**Problem details:**
Below, find the line containing "this 1920×1080 image."; from there to the final line, print every line exactly and skip the pictures.

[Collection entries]
*** Block opens ***
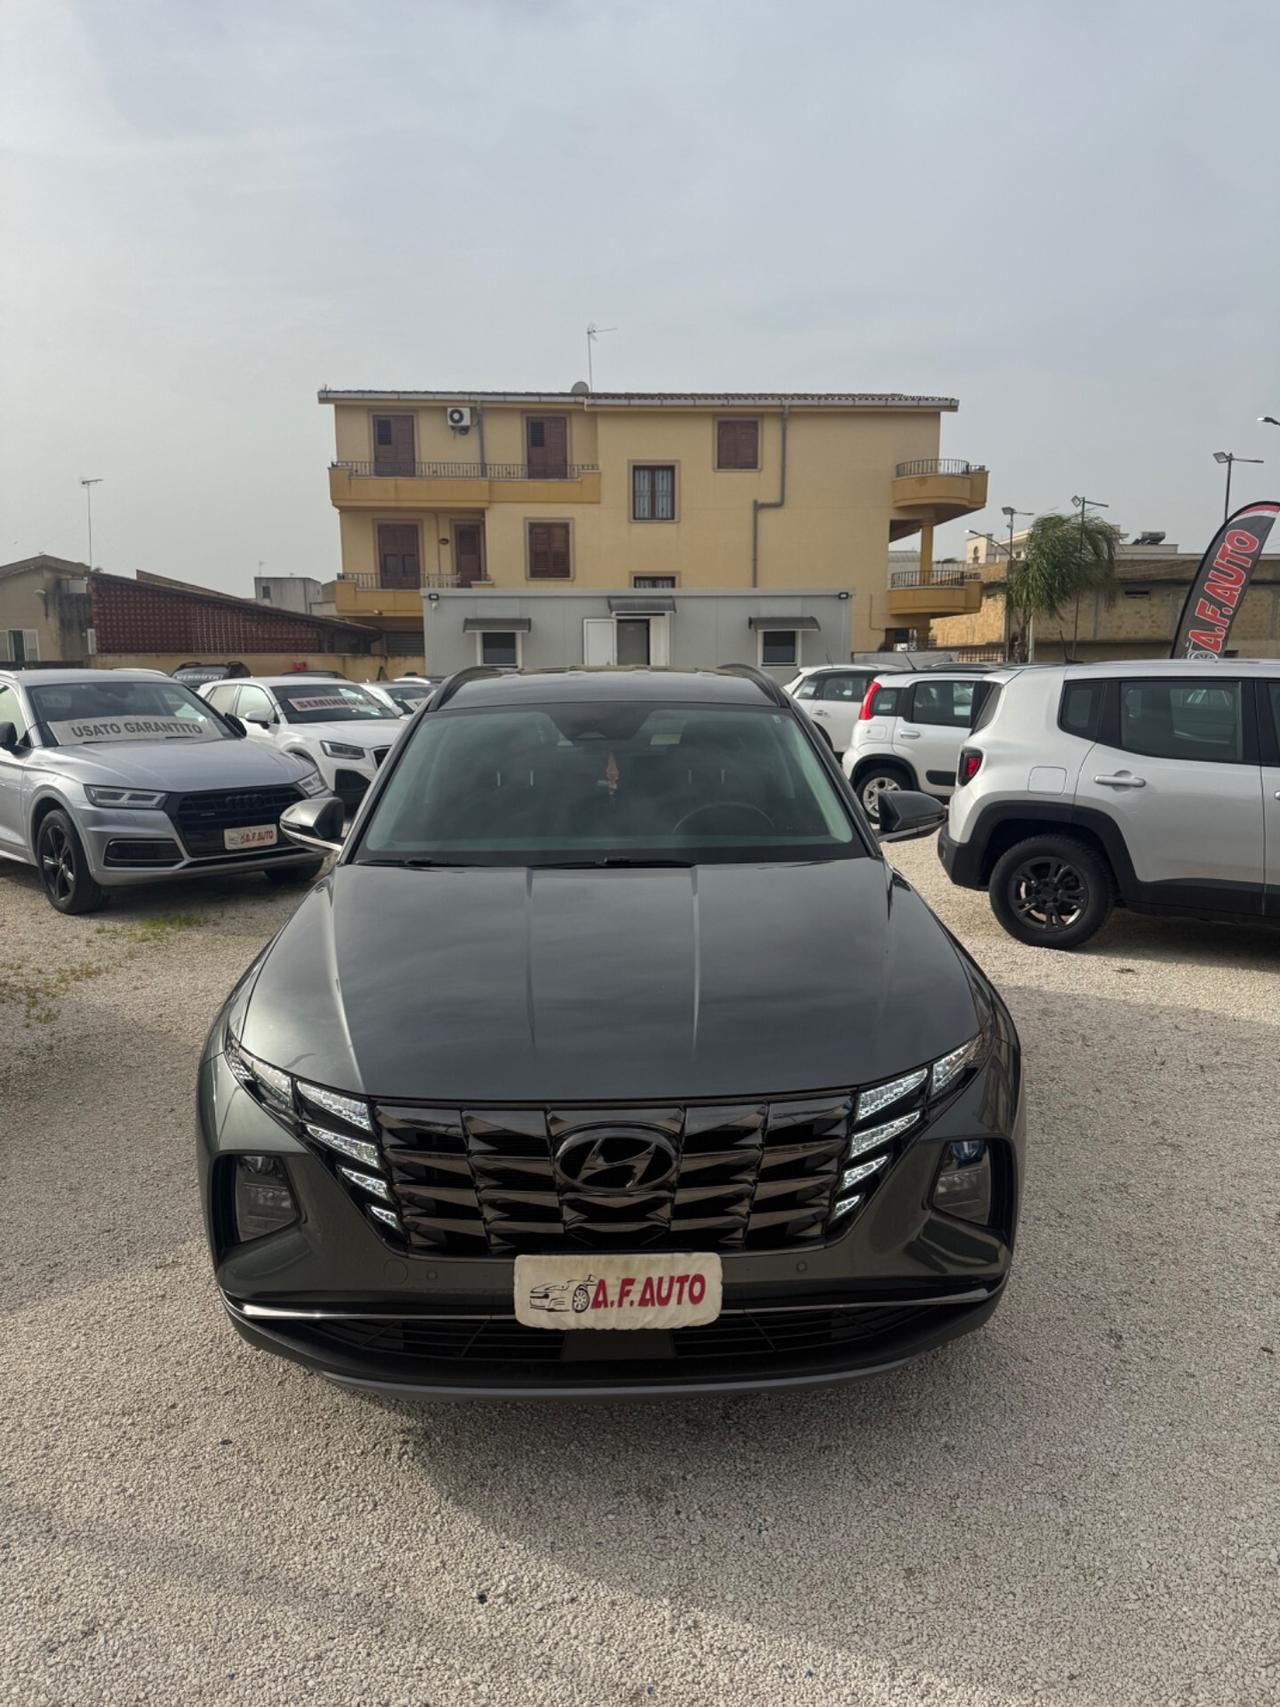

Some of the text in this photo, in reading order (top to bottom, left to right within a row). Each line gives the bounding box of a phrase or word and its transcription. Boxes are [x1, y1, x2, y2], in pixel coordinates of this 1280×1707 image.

[297, 698, 374, 709] SEMINUO
[71, 721, 203, 738] USATO GARANTITO
[590, 1273, 706, 1309] A.F.AUTO
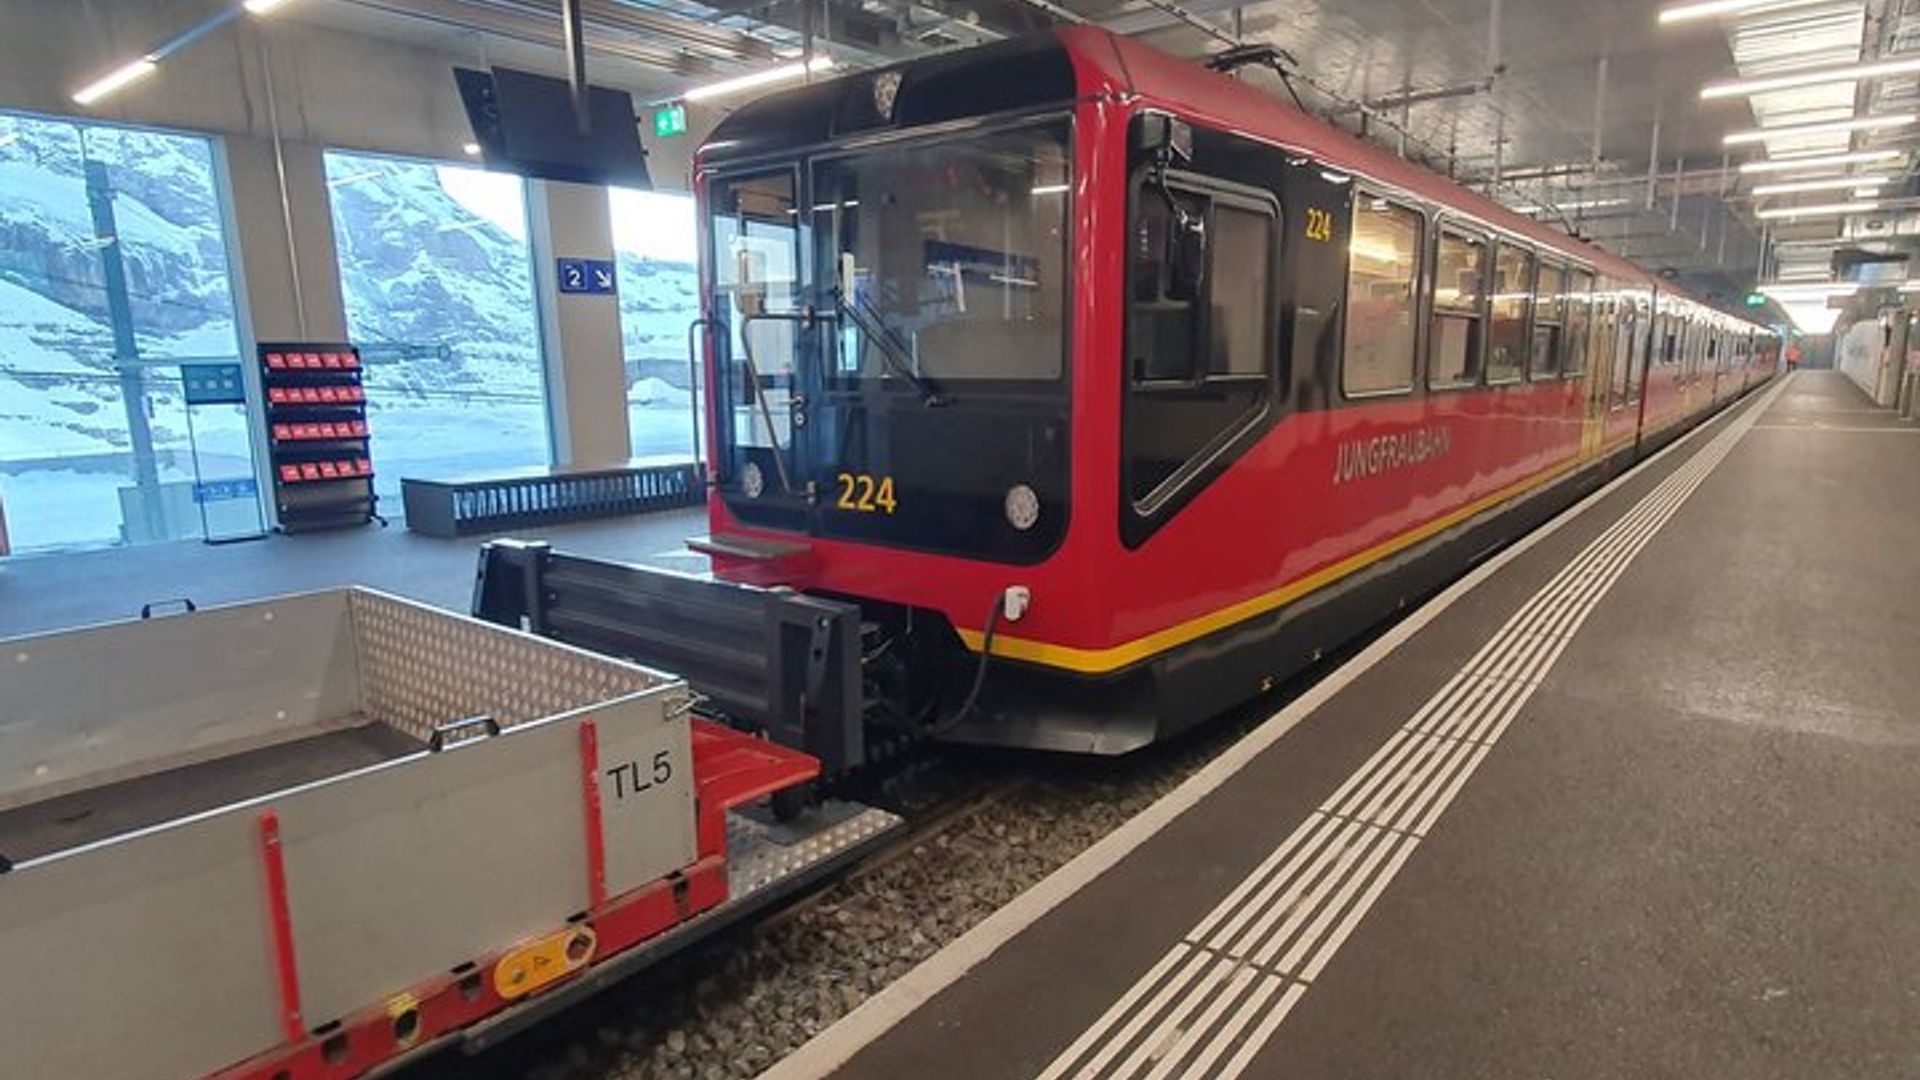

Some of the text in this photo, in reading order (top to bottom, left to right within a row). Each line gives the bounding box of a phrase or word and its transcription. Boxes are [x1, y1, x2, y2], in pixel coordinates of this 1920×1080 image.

[1306, 208, 1330, 242] 224
[568, 269, 581, 287] 2
[1332, 426, 1452, 486] JUNGFRAUBAHN
[837, 472, 897, 514] 224
[606, 750, 671, 799] TL5
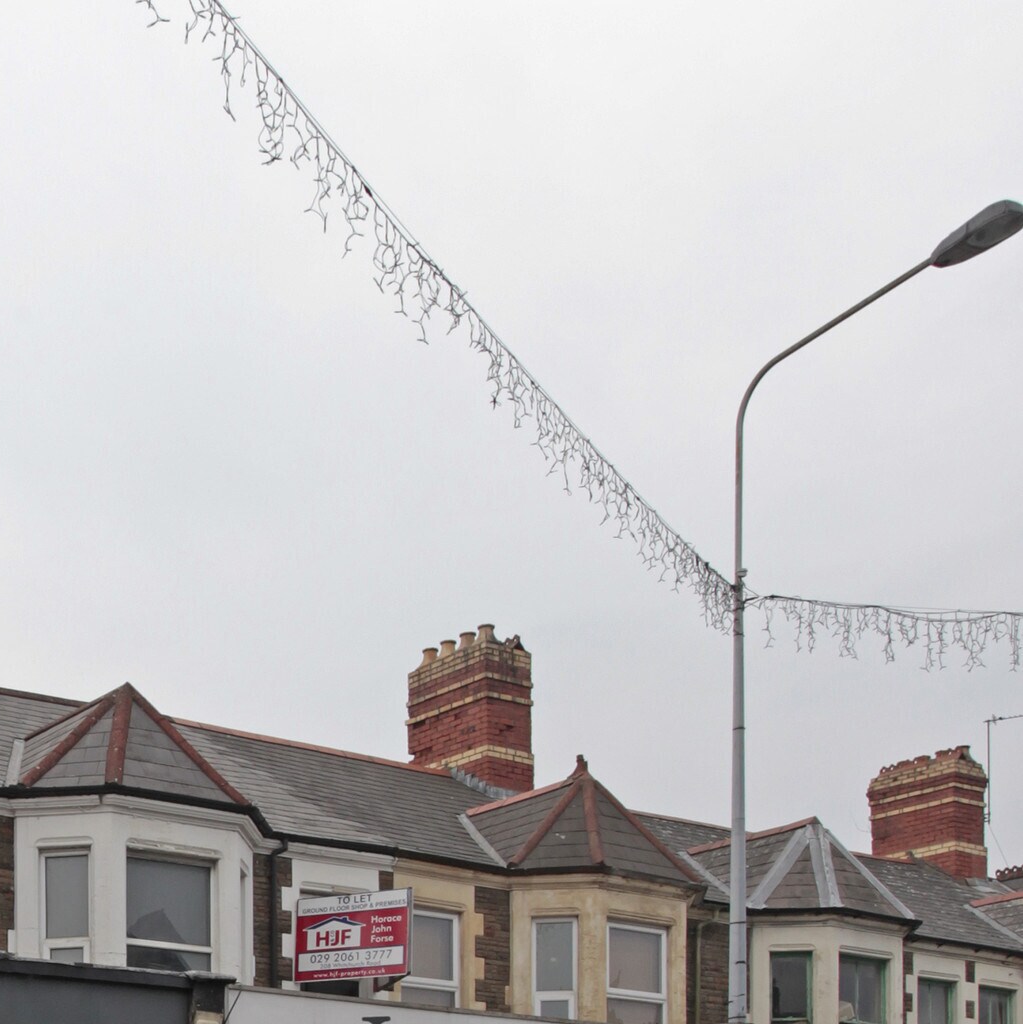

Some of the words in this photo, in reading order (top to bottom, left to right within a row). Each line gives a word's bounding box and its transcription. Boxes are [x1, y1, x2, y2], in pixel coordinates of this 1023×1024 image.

[337, 896, 351, 904] TO
[353, 894, 373, 904] LET
[302, 906, 329, 915] GROUND
[329, 904, 350, 912] FLOOR
[375, 898, 407, 908] PREMISES
[370, 915, 402, 924] Horace
[371, 924, 392, 934] John
[316, 928, 352, 948] HJF
[370, 934, 394, 943] Forse
[309, 953, 330, 964] 029
[333, 951, 360, 962] 2061
[365, 949, 393, 960] 3777
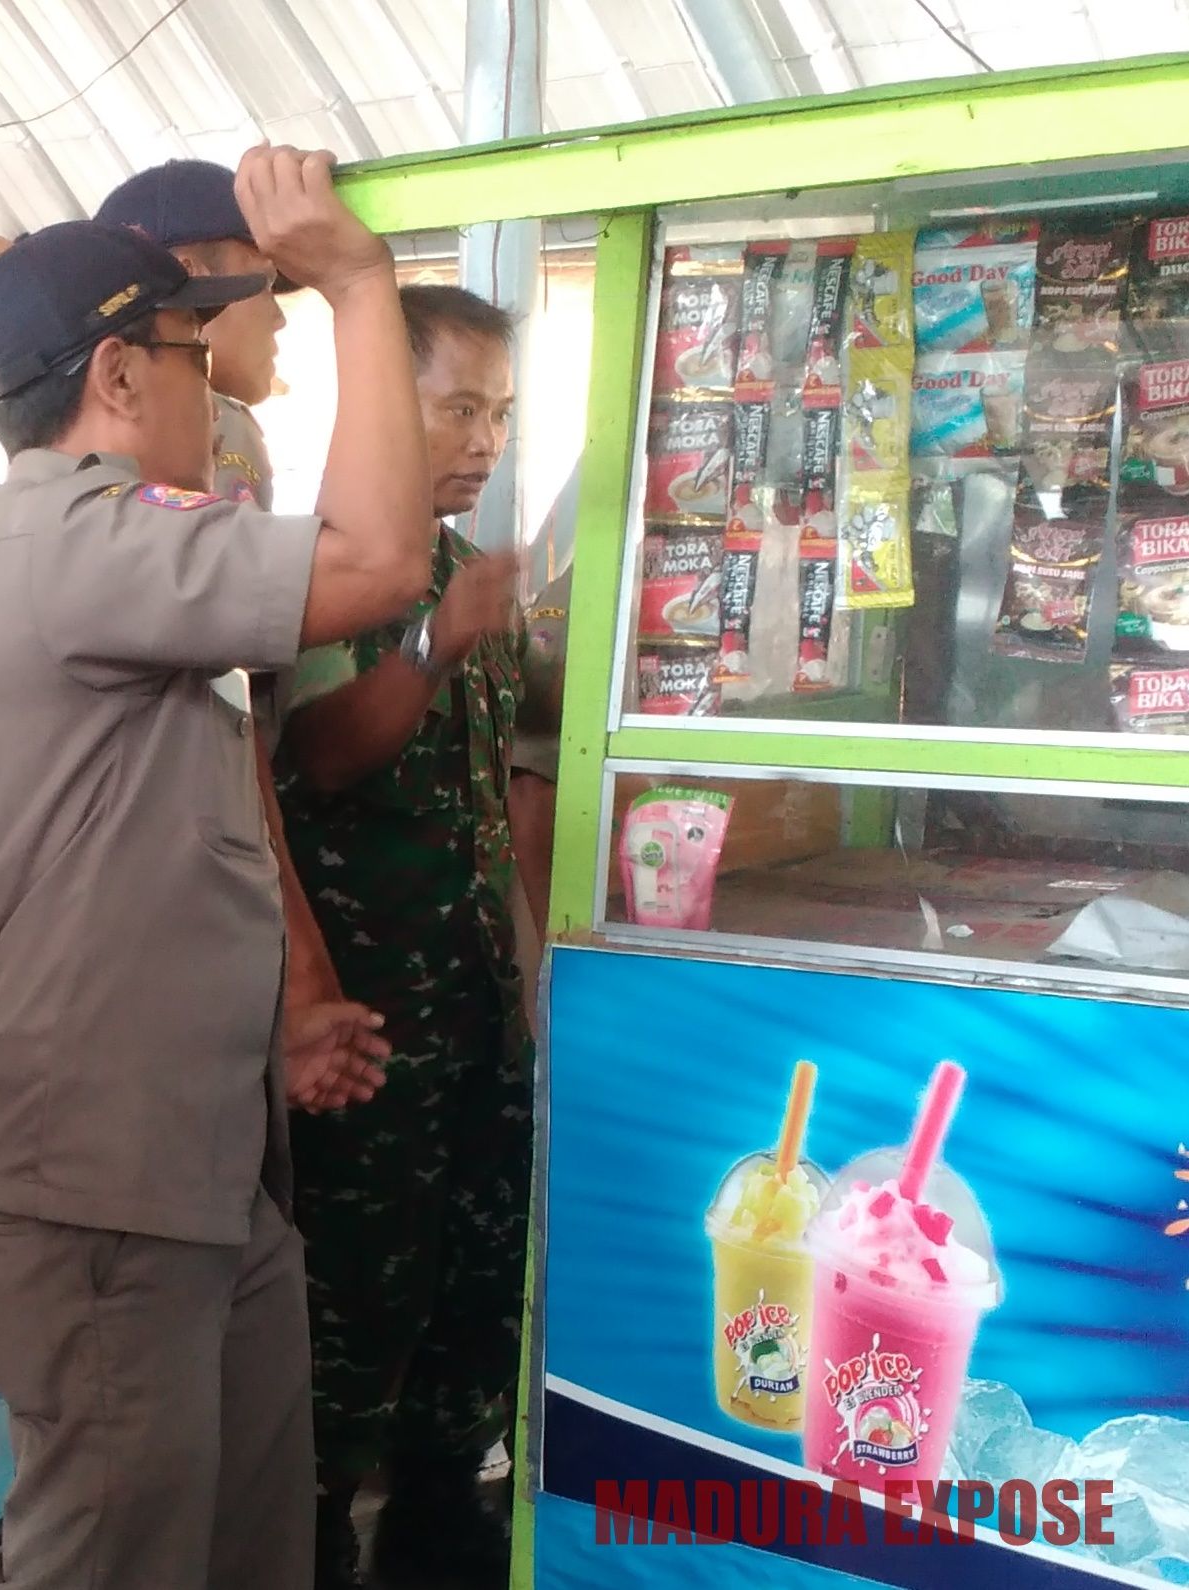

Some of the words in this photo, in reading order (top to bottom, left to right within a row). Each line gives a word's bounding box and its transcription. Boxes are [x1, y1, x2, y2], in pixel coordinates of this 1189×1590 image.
*** Block closes ***
**Solution for this task:**
Some of the text in this photo, in reading order (top to bottom, left to right within a row). Each line gives the bounding box of a phrase or word and its transcription. Boxes are [x1, y1, x2, y2], in pixel coordinates of this 1920×1080 image.

[1306, 208, 1330, 242] 224
[568, 269, 581, 287] 2
[1332, 426, 1452, 486] JUNGFRAUBAHN
[837, 472, 897, 514] 224
[606, 750, 671, 799] TL5

Some of the words in this photo, in reading order (top to bottom, left to right within a row). Each line gives a word's bounding box and its transcription. Boxes are [x1, y1, x2, y2], in pixel coordinates of this 1023×1024 image.

[337, 896, 351, 904] TO
[353, 894, 373, 904] LET
[302, 906, 329, 915] GROUND
[329, 904, 350, 912] FLOOR
[375, 898, 407, 908] PREMISES
[370, 915, 402, 924] Horace
[371, 924, 392, 934] John
[316, 928, 352, 948] HJF
[370, 934, 394, 943] Forse
[309, 953, 330, 964] 029
[333, 951, 360, 962] 2061
[365, 949, 393, 960] 3777

Some of the words in this photo, in reading order (top to bottom, left to right within a row). Each line gives a word's bounding box and its transcription. Boxes are [x1, y1, x2, y2], in pixel coordinates of this 1189×1590 image.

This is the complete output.